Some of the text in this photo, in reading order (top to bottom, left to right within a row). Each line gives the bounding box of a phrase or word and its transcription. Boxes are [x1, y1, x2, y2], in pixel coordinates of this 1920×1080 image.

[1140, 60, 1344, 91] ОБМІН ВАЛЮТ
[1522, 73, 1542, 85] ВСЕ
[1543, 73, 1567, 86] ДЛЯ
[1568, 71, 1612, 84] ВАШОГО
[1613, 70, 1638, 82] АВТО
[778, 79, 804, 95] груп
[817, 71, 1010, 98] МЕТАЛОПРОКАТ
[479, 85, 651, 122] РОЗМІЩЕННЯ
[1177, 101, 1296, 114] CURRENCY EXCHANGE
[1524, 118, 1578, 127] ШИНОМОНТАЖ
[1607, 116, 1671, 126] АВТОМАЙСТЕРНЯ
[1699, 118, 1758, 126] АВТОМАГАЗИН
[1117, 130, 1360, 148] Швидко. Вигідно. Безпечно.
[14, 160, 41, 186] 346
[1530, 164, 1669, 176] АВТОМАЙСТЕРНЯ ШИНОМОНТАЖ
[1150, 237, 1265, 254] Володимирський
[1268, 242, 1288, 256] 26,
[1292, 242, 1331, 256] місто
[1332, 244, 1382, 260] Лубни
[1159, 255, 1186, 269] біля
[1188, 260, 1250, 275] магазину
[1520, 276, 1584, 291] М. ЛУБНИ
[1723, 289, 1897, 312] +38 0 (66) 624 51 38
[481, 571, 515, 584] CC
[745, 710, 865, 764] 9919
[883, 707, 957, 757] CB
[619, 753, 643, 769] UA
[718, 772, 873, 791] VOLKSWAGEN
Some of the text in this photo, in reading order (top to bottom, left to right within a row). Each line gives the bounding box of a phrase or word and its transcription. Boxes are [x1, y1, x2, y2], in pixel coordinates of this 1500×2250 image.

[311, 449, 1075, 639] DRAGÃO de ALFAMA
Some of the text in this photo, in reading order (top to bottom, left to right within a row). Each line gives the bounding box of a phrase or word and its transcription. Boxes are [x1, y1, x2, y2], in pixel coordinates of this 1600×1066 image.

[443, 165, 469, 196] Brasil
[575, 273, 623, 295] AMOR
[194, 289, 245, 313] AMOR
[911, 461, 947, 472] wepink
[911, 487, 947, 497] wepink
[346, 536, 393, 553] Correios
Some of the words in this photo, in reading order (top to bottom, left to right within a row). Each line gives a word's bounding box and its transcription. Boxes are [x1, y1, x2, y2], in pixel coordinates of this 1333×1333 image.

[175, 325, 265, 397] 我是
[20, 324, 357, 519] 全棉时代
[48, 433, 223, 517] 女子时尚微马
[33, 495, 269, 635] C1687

========================================================================

WHAT TO WORK ON => The whole of the data is to be copied out word for word.

EXERCISE OUTPUT =>
Some of the text in this photo, in reading order (top to bottom, left to right within a row). Each line gives the bounding box of a phrase or word and its transcription. Boxes are [x1, y1, x2, y2], in pixel coordinates of this 1920×1080 image.

[1140, 60, 1344, 91] ОБМІН ВАЛЮТ
[1522, 73, 1542, 85] ВСЕ
[1543, 73, 1567, 86] ДЛЯ
[1568, 71, 1612, 84] ВАШОГО
[1613, 70, 1638, 82] АВТО
[778, 79, 804, 95] груп
[817, 71, 1010, 98] МЕТАЛОПРОКАТ
[479, 85, 651, 122] РОЗМІЩЕННЯ
[1177, 101, 1296, 114] CURRENCY EXCHANGE
[1524, 118, 1578, 127] ШИНОМОНТАЖ
[1607, 116, 1671, 126] АВТОМАЙСТЕРНЯ
[1699, 118, 1758, 126] АВТОМАГАЗИН
[1117, 130, 1360, 148] Швидко. Вигідно. Безпечно.
[14, 160, 41, 186] 346
[1530, 164, 1669, 176] АВТОМАЙСТЕРНЯ ШИНОМОНТАЖ
[1150, 237, 1265, 254] Володимирський
[1268, 242, 1288, 256] 26,
[1292, 242, 1331, 256] місто
[1332, 244, 1382, 260] Лубни
[1159, 255, 1186, 269] біля
[1188, 260, 1250, 275] магазину
[1520, 276, 1584, 291] М. ЛУБНИ
[1723, 289, 1897, 312] +38 0 (66) 624 51 38
[481, 571, 515, 584] CC
[745, 710, 865, 764] 9919
[883, 707, 957, 757] CB
[619, 753, 643, 769] UA
[718, 772, 873, 791] VOLKSWAGEN
Some of the text in this photo, in reading order (top to bottom, left to right within a row). Each line gives the bounding box of a phrase or word and its transcription. Boxes are [x1, y1, x2, y2], in pixel coordinates of this 1500×2250 image.

[311, 449, 1075, 639] DRAGÃO de ALFAMA
Some of the text in this photo, in reading order (top to bottom, left to right within a row). Each line gives the bounding box of a phrase or word and its transcription. Boxes are [x1, y1, x2, y2], in pixel coordinates of this 1600×1066 image.

[443, 165, 469, 196] Brasil
[575, 273, 623, 295] AMOR
[194, 289, 245, 313] AMOR
[911, 461, 947, 472] wepink
[911, 487, 947, 497] wepink
[346, 536, 393, 553] Correios
Some of the words in this photo, in reading order (top to bottom, left to right within a row). Each line gives a word's bounding box and its transcription. Boxes are [x1, y1, x2, y2], in pixel coordinates of this 1333×1333 image.

[175, 325, 265, 397] 我是
[20, 324, 357, 519] 全棉时代
[48, 433, 223, 517] 女子时尚微马
[33, 495, 269, 635] C1687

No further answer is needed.